77.
Two firms, A and B, each currently dump 20 tons of chemicals into the local river. The
government has decided to
reduce the pollution and from now on will require a pollution permit for
each ton of pollution dumped into the river.
The government gives each firm 10 pollution permits,
which it can either use or sell to the other firm. It costs Firm
A $100 for each ton of pollution that
it eliminates before it reaches the river, and it costs Firm B $50 for each ton of
pollution that it
eliminates before it reaches the river.

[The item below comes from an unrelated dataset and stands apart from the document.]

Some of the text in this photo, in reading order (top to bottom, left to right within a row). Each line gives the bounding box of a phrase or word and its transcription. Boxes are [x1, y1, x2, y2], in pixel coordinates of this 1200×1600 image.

After the two firms buy or sell pollution permits from each
other, we would expect that
a.
Firm A will no longer pollute, and Firm B will not reduce its pollution at all.
b.
Firm B will no longer pollute, and Firm A will not reduce its pollution at all.
c.
Firm A will dump 10 tons of pollution into the river, and Firm B will dump 10 tons of pollution
into the river.
d.
Firm A will increase its pollution and Firm B will reduce its pollution.
78.
Two firms, A and B, each currently dump 50 tons of chemicals into the local river. The
government has decided to
reduce the pollution and from now on will require a pollution permit for
each ton of pollution dumped into the river.

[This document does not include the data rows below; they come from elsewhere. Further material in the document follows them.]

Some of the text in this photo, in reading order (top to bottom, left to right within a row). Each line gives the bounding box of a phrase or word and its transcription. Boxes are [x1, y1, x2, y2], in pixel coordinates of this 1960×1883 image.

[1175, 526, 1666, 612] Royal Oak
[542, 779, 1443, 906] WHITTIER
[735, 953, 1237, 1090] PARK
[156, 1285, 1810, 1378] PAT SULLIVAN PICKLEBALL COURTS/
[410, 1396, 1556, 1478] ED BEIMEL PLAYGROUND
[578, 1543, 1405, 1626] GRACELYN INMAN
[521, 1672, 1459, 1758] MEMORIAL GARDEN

The government will sell 40 pollution permits for $75
each. It costs Firm A $100 for each ton of pollution that it
eliminates before it reaches the river,
and it costs Firm B $50 for each ton of pollution that it eliminates before it
reaches the river.
Neither firm produces any less output, but they both conform to the law. It is likely that between
the cost of permits and the cost of additional pollution abatement,
a.
Firm B will spend $3,500.
b.
Firm A will spend $4,000.
c.
Firm A will spend $4,500.
d.
Firm B will spend $3,000.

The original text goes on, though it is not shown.